Now that we've got the behavior PSTH's calculated, let's plot the results alongside the pupil PSTH's.

In [None]:
f, ax = plt.subplots(1, 2, figsize=(10, 4), sharex=True, sharey=True)

ax[0].plot(big_pupil_psth, color='purple')
ax[0].plot(small_pupil_psth, color='orchid')
ax[0].legend(['Big pupil', 'Small pupil'])
ax[0].set_xlabel('Time bins')
ax[0].set_ylabel('Spike counts')

ax[1].plot(active_psth, color='red')
ax[1].plot(passive_psth, color='lightcoral')
ax[1].legend(['Active', 'Passive'])
ax[1].set_xlabel('Time bins')

f.tight_layout()

Just like for pupil, the spiking response also apparently depends strongly on whether or not the animal is engaged in a task. However, we saw in the beginning that both pupil and behavior state are highly correlated. How then do we dissociate which of these two variables is truly responsible for the change in firing rates we observed?
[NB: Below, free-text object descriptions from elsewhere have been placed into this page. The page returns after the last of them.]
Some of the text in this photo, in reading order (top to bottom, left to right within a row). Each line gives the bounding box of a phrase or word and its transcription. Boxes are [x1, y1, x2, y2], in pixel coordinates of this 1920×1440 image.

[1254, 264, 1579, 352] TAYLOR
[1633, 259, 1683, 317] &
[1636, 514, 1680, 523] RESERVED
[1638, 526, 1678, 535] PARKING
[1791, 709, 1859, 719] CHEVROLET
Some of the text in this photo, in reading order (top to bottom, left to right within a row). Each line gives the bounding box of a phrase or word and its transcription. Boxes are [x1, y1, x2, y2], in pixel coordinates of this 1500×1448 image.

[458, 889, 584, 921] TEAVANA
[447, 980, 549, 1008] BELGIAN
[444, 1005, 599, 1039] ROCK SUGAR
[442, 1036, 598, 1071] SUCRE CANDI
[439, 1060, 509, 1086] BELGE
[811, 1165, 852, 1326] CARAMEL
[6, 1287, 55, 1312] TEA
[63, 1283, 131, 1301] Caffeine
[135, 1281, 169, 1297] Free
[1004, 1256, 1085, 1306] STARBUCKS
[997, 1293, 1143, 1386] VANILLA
# Stepwise Linear Regression

To disscoiate the effects of pupil and behavior state in this cell, we can perform what is called a stepwise linear regression. Essentially, this method will tell us how much variance in spike counts can be uniquely attributed to pupil alone and to behavior alone. Before we get into this, let's start by only considering pupil and performing a simple linear regression.
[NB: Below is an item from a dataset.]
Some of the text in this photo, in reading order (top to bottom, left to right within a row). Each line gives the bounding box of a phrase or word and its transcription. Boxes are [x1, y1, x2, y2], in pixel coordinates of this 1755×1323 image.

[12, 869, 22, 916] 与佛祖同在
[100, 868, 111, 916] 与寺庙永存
As a refresher on linear regression, consider the cartoon example below. Ignore the code, this is just meant to be illustrative.

In [None]:
X1 = np.random.random(100)*100-50
X2 = np.random.random(100)*100-50
Y = 100*(np.random.random(100)-0.5) + (3*X1) + 50

f, ax = plt.subplots(1, 2, figsize=(8,4))
ax[0].set_title('Strong linear relationship')
ax[0].plot(X1, Y, 'k.')
ax[0].plot(X1, 3*X1 + 50, 'r-')
ax[0].set_xlabel('Independent variable #1 - x1')
ax[0].set_ylabel('Dependent variable - y')

ax[1].set_title('No linear relationship')
ax[1].plot(X2, Y, 'k.')
ax[1].axhline(50, color='red', linestyle='-')
ax[1].set_xlabel('Independent variable #2 - x2')

f.tight_layout()

In the cartoon above, we've simulated an experiment with two *independent variables*, $x_1$ and $x_2$ (e.g., pupil and engagement), and a single *dependent variable*, $y$, whose value may depend on one or both of the independent variables. 
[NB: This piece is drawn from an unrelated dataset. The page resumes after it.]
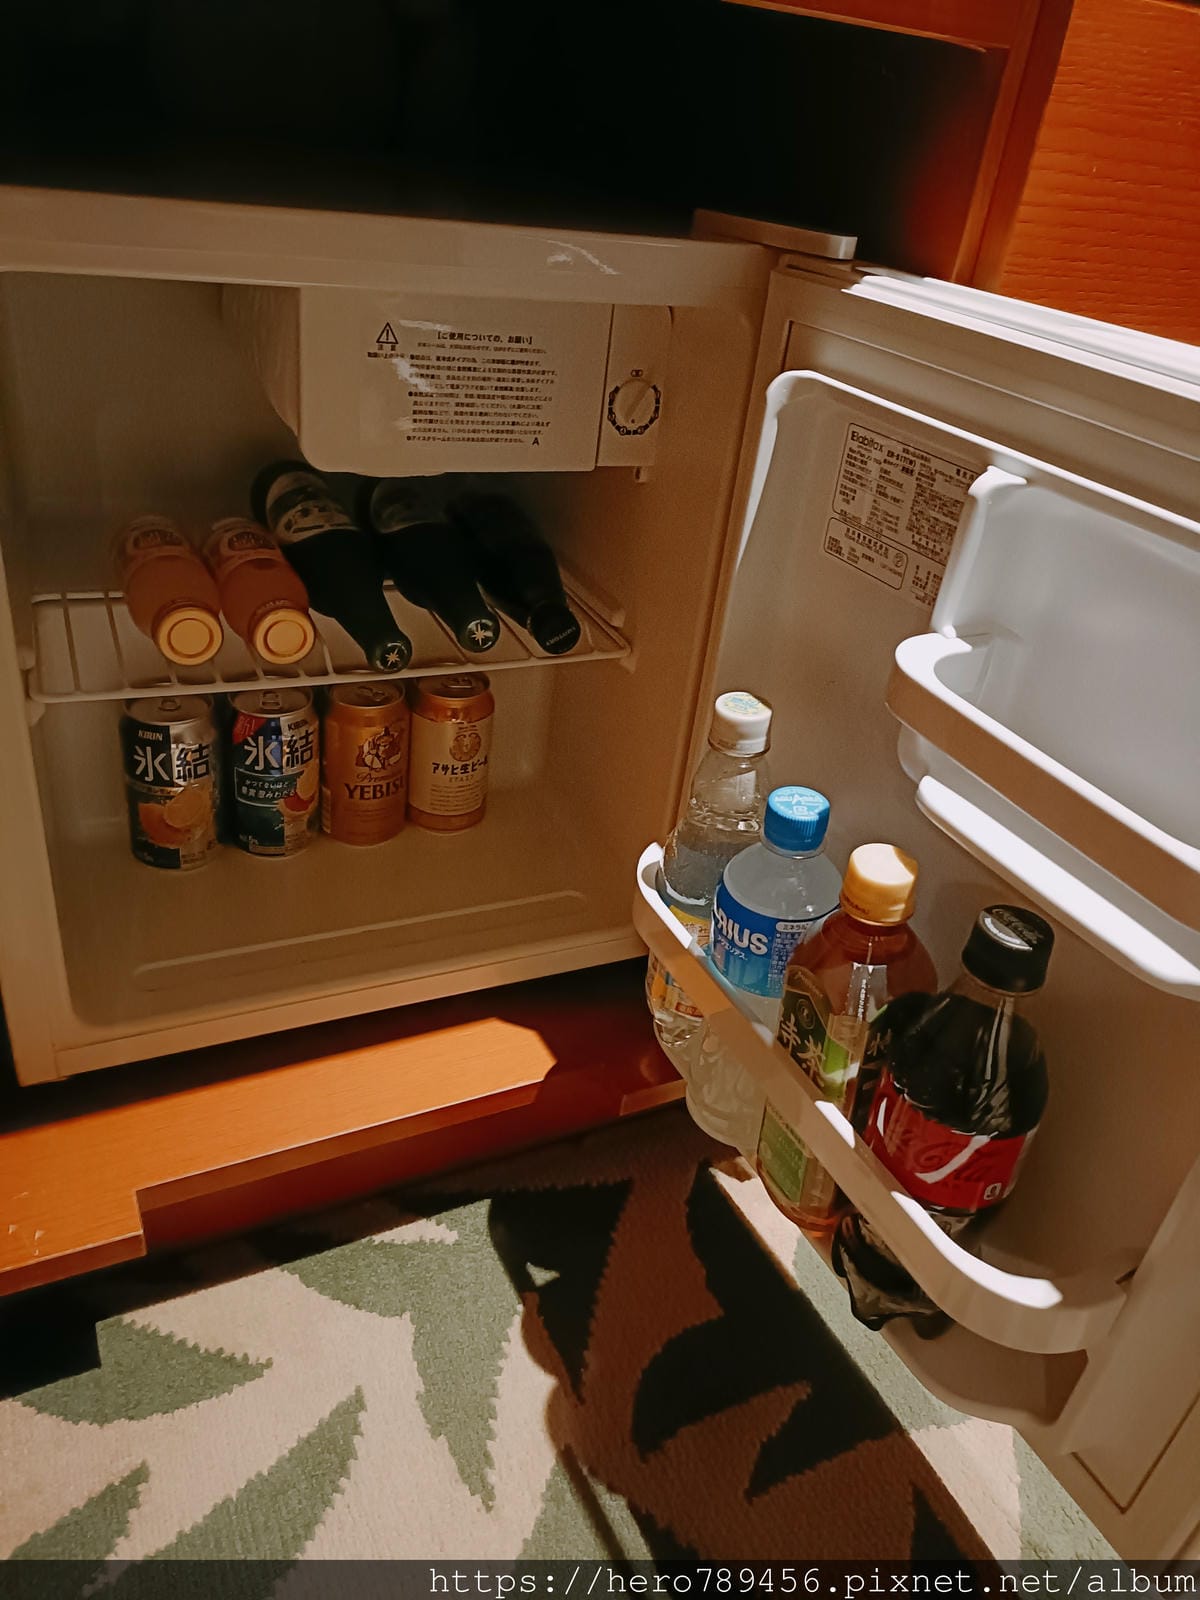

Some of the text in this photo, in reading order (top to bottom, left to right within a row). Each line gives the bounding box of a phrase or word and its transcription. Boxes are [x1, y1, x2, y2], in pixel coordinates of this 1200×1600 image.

On the left, we've plotted $x_1$ against $y$ (black dots), where there is a strong positive linear relationship between them. This relationship is well modeled by a line (red),
$$ y = m x_1 + b $$
$m$ and $b$ are the parameters fit by the linear regression model, which for this plot are $m=3$ and $b=50$.

On the right, the scatter plot looks random, and $m=0$ and $b=50$.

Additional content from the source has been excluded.